Switching to cyclosporine ophthalmic solution 0.09% improves signs and symptoms in patients with DED

In adults with dry eye disease that was not adequately controlled with cyclosporine ophthalmic emulsion 0.05%, switching to cyclosporine ophthalmic solution 0.09% was associated with statistically significant improvements in both signs and symptoms of dry eye over 12 weeks, according to a study.

The single-arm, open-label trial, included adults with a history and clinical diagnosis of dry eye disease for at least 3 months who had previously been treated with cyclosporine ophthalmic emulsion 0.05% but continued to experience insufficient disease control. Patients administered 1 drop of cyclosporine ophthalmic solution 0.09% in both eyes twice daily for 12 weeks.

A total of 124 patients were included in the intent-to-treat population. Mean changes from baseline in total corneal fluorescein staining and mSANDE scores were statistically significant at weeks 4, 8, and 12 (P < 0.0001 for all time points).

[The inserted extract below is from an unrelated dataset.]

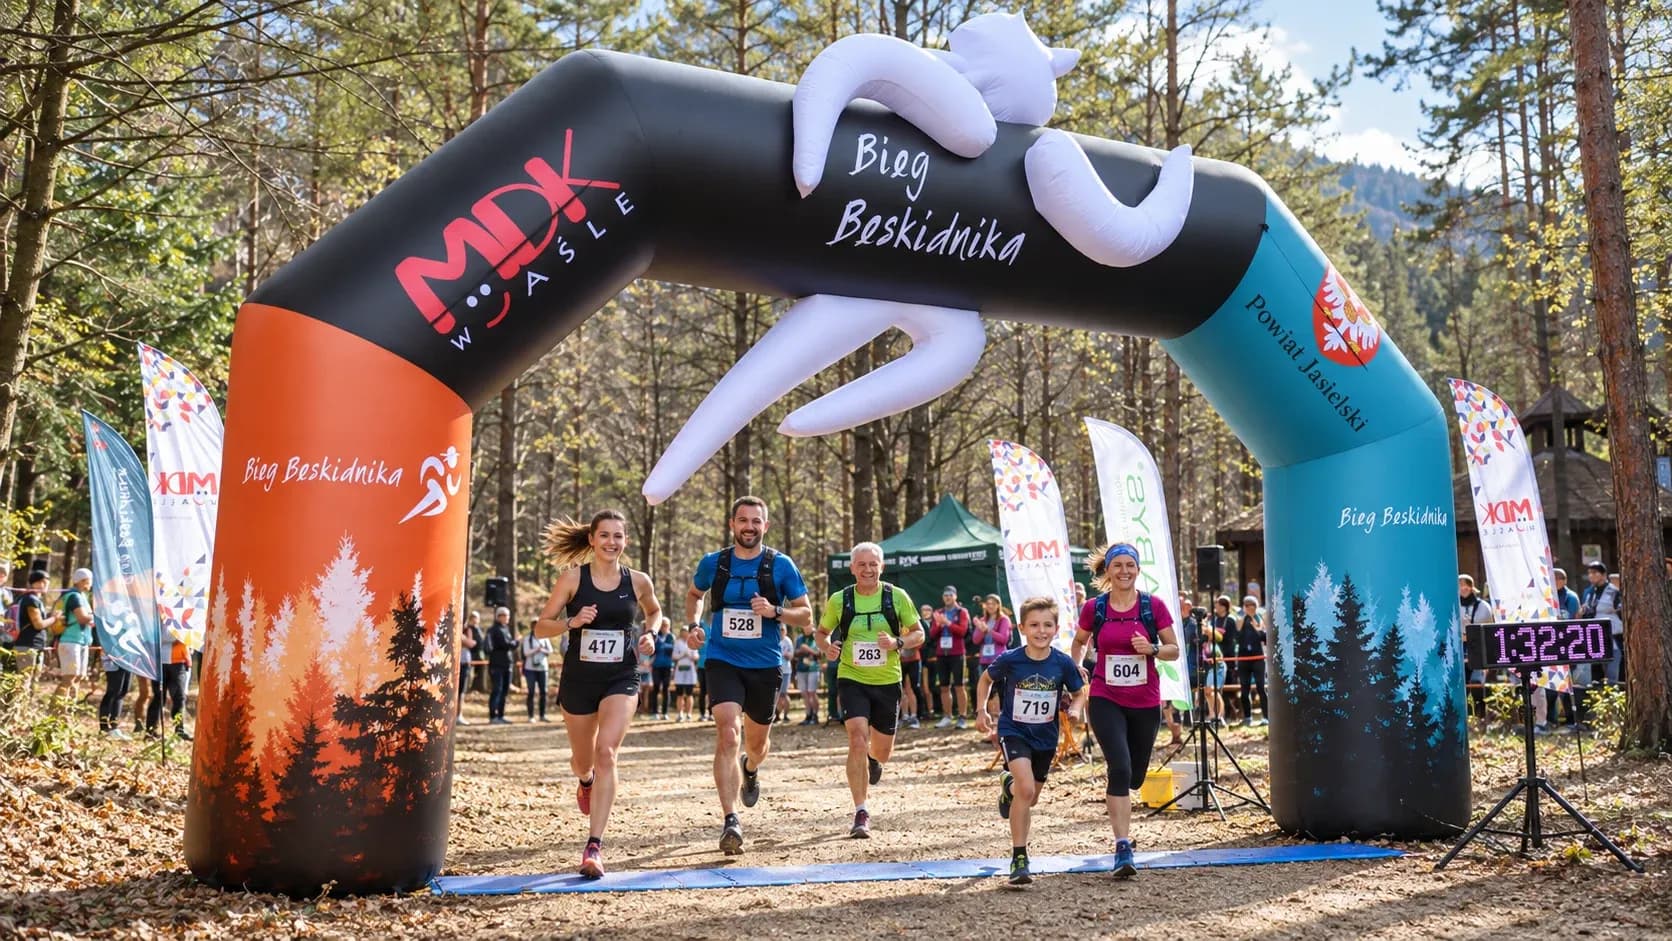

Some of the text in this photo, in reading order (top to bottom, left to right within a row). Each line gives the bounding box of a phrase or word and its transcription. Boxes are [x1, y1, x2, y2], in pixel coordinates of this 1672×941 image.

By week 12, statistically significant improvements from baseline were also observed in total conjunctival staining score, central corneal fluorescein staining score, Schirmer test score, and frequency of artificial tear use (P ≤ 0.0029). In addition, 69.4% of patients reported a preference for cyclosporine ophthalmic solution 0.09%.

Reference
Johnston J, Adler R, Hessen M, et al. Effect of Cyclosporine Ophthalmic Solution 0.09% on Signs and Symptoms of Dry Dye Disease in Patients Inadequately Controlled on Cyclosporine Ophthalmic Emulsion 0.05%: Results from a Single-Arm, Open-Label, Phase 4 Study. Clin Ophthalmol. 2026;20:583071. doi: 10.2147/OPTH.S583071. PMID: 41809208; PMCID: PMC12968827.